Paul Poiret, La mode est une fête: une vie haute en couleur 

Le Musée des Arts Décoratifs signe jusqu’en janvier 2026 une exposition éclatante consacrée à Paul Poiret, créateur emblématique du début du XXe siècle : Paul Poiret, La mode est une fête.

Bien plus qu’un couturier, Paul Poiret se rêvait un artiste total : « Je suis un artiste, pas un couturier », affirmait-il. Sa vie fut l’illustration de cette ambition entre audace esthétique, goût de la mise en scène et désir de révolutionner le quotidien.

Dès l’entrée, la force visuelle du parcours saisit le visiteur. La scénographie pensée par Anette Lenz et Christopher Dessus rend éclatante l’exubérance de cet homme qui ne concevait pas la mode sans spectacle. Poiret dessine, habille, décore et même parfume !Amoureux des arts du monde, il remanie les tuniques perses, les kimonos japonais, les broderies d’Afrique du Nord. Ses influences sont multiples :voyages, ballets, objets de collection, estampes. Ainsi chaque pièce fait résonner l’imaginaire nomade et coloré propre à Poiret.

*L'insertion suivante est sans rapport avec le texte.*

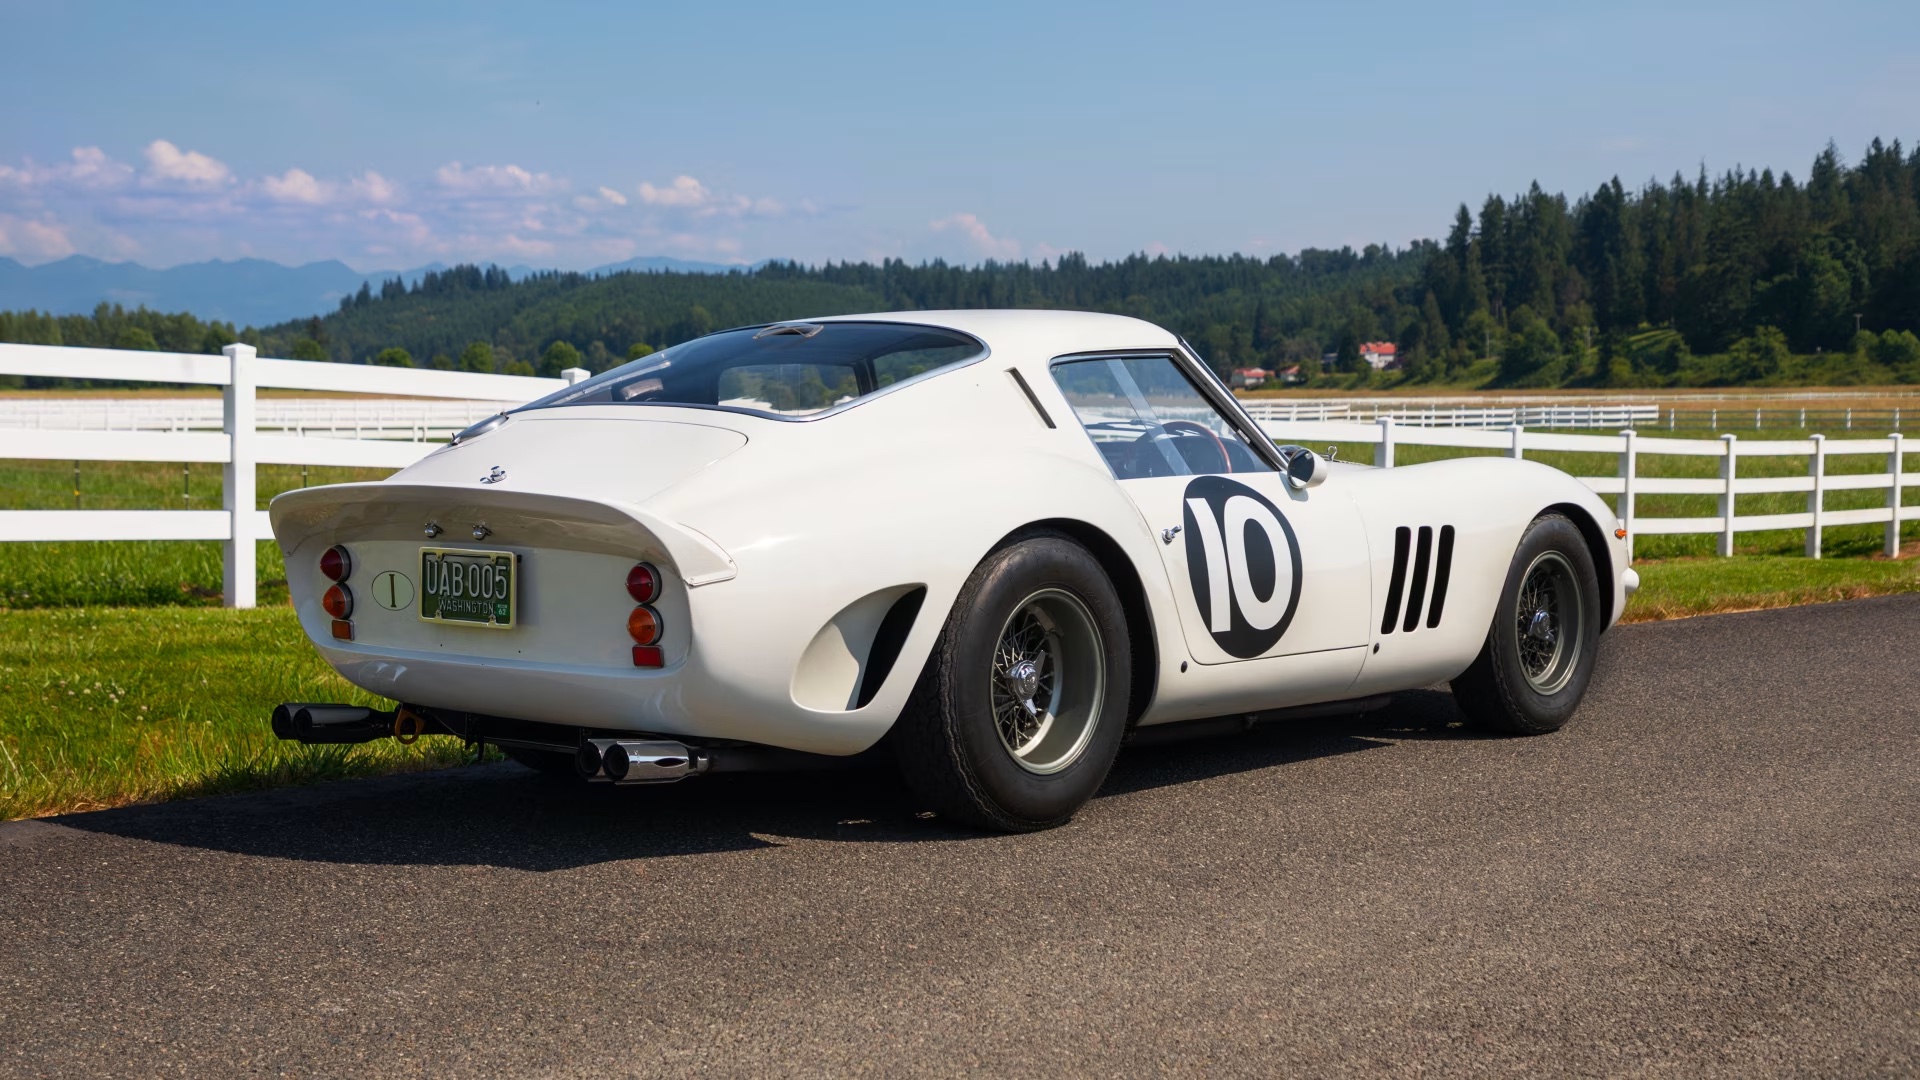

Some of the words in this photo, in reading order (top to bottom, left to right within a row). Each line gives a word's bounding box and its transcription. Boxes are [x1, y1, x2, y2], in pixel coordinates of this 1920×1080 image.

[427, 561, 463, 597] UAB
[468, 563, 507, 600] 005
[1185, 495, 1293, 633] 10
[438, 600, 495, 615] WASHINGTON

Le parcours, segmenté en onze temps sur deux étages, suit avec une grande clarté la trajectoire de Paul Poiret, de ses années de formation à son héritage stylistique, en passant par ses collaborations, sa vie de famille et ses projets annexes. Une construction fluide, logique, qui donne à voir non seulement ses robes mythiques, mais aussi ses croquis, ses tissus, ses archives personnelles. On y découvre la Maison Martine, atelier d’arts décoratifs qu’il fonde en 1911 pour prolonger sa vision jusque dans le mobilier et les objets du quotidien, ou encore les Parfums de Rosine, du nom de sa fille, bien avant que la parfumerie ne devienne un pilier du luxe contemporain.

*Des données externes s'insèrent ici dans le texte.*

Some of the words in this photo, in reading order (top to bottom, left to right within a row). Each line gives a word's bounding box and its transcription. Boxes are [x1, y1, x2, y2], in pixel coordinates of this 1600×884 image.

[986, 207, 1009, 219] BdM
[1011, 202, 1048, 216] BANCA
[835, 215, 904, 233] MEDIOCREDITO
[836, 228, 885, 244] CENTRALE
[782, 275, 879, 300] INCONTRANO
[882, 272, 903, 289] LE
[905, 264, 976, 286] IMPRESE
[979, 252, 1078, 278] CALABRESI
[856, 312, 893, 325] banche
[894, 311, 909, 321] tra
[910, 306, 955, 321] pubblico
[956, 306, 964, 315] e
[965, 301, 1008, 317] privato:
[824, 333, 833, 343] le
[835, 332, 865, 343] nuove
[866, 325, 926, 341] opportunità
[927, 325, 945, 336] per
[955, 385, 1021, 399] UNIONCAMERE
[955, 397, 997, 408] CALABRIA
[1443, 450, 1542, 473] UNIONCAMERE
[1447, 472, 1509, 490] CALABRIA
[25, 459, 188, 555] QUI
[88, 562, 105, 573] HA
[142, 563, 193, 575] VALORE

Chez Poiret, tout est pensé, construit, orchestré : il ne vend pas un vêtement, il propose un monde. Son goût pour la fête ne relève pas de l’anecdote : il en fait un moteur créatif. Ses soirées déguisées, comme la célèbre Mille et Deuxième Nuit organisée dans son hôtel particulier de l’avenue d’Antin,sont de véritables performances. Costumes, décors, musiques, invités triés sur le volet, chaque détail participe à la mise en scène de sa vision. Paul Poiret est l’un des premiers à faire de sa vie une vitrine, une œuvre d’art à part entière.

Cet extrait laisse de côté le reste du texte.